Danielle Lineker: 'No one chooses to be in a stepfamily'
At first glance, air hostess and lingerie model Danielle Lineker must seem like an archetypal WAG, even if the playing days of her husband, England legend turned Match of the Day host Gary Lineker, are long behind him. There's the lavish wedding (£250,000 was the reported cost) on the Amalfi Coast, the Surrey mansion and the designer frocks. "The press love the rags to riches thing," she says. "I was doing property before I met Gary and was actually doing okay, but the story is that I came from Wales and I was a single mum. Some of these newspapers just love getting their claws out."
And the second Mrs Lineker has a rueful distrust of a Fourth Estate seemingly fixated on the 19-year age gap between herself and her husband, as well as a somewhat partisan attitude towards Gary's first wife, "childhood sweetheart" Michelle – a wariness that has made it somewhat difficult for her to promote her BBC3 programme about stepfamilies (The Independent was the only newspaper she agreed to talk to). For Lineker is herself the product of a stepfamily, as is her daughter Ella (whose father is the former Coventry City footballer Adam Willis) – while the 31-year-old is now a stepmother to Gary and Michelle's four teenage boys, George, Harry, Tobias and Angus.

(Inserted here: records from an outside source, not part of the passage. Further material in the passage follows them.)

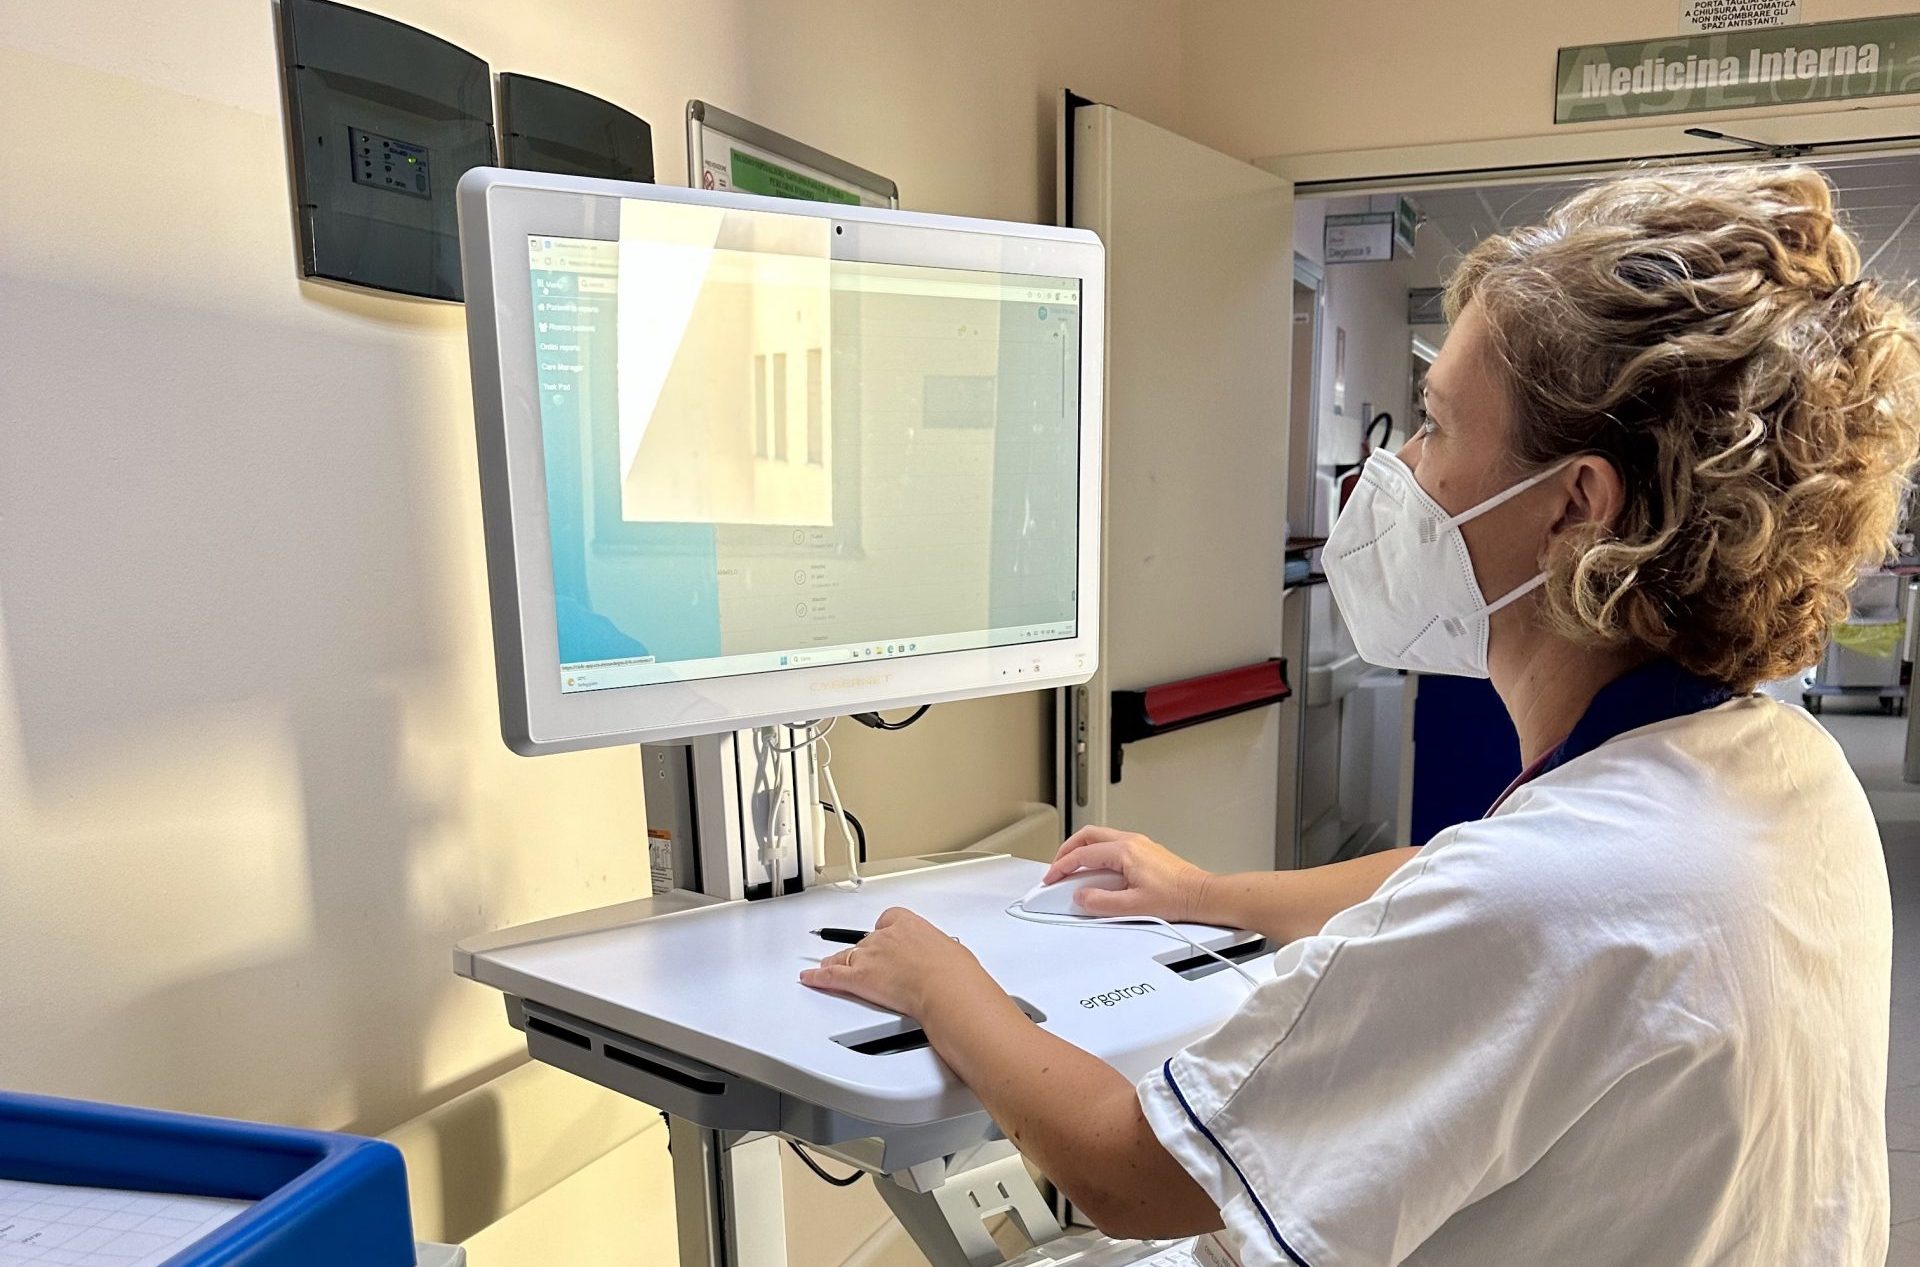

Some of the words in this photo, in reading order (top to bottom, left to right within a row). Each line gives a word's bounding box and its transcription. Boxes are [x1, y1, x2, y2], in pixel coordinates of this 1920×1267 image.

[1693, 6, 1737, 16] CHIUSURA
[1740, 0, 1796, 11] AUTOMATICA
[1695, 0, 1723, 8] PORTA
[1692, 16, 1711, 24] NON
[1712, 10, 1771, 21] INGOMBRARE
[1773, 8, 1789, 16] GLI
[1701, 22, 1726, 30] SPAZI
[1581, 54, 1740, 98] Medicina
[1747, 43, 1880, 84] Interna
[1080, 982, 1156, 1009] ergotron

"When I met Gary I thought that there was not really much around to help ... hardly any books or websites," she says of her motivation for making Danielle Lineker – My New Stepfamily. "And we don't talk about it in stepfamilies – we just get on with it – and we do need to talk about it, because so many people now – even Prince William and Harry – are in one. Ideally, nobody wants to be part of a stepfamily. You'd have to be a fool to think you're going to walk into a family and it's all going to work. Life isn't like that."
And Lineker (née Bux) should know. Her parents, shop workers Kim and Roy, separated when she was a baby. When she was seven, her mother remarried factory worker Alex Mohammed, with whom she had three children. In her BBC3 film Lineker revisits her old homes on the tough Ely estate in Cardiff – homes, plural, because like most stepchildren, Lineker was forever commuting between her divorced parents.
"When I was at school, if a teacher said 'draw your family', I would draw my mum, my stepdad, brothers and sisters, my dad and his children as well," she says. "I would need a big double page. Everyone else had one sheet of paper. But it didn't bother me. I never saw it as weird or different."
Indeed being in a stepfamily today is anything but weird and different – it's the fastest-growing domestic arrangement in Britain, and statistics vary between the official estimate (that between one in eight and one in 10 of us are now so defined), and the figure used in Lineker's film, of one in three. "It's a far more widespread situation than official figures show," says Suzie Hayman, the author of books on the subject. "What tend to get counted are families where children are resident, but what you should be saying is that one in three families in this country is affected by stepfamily issues."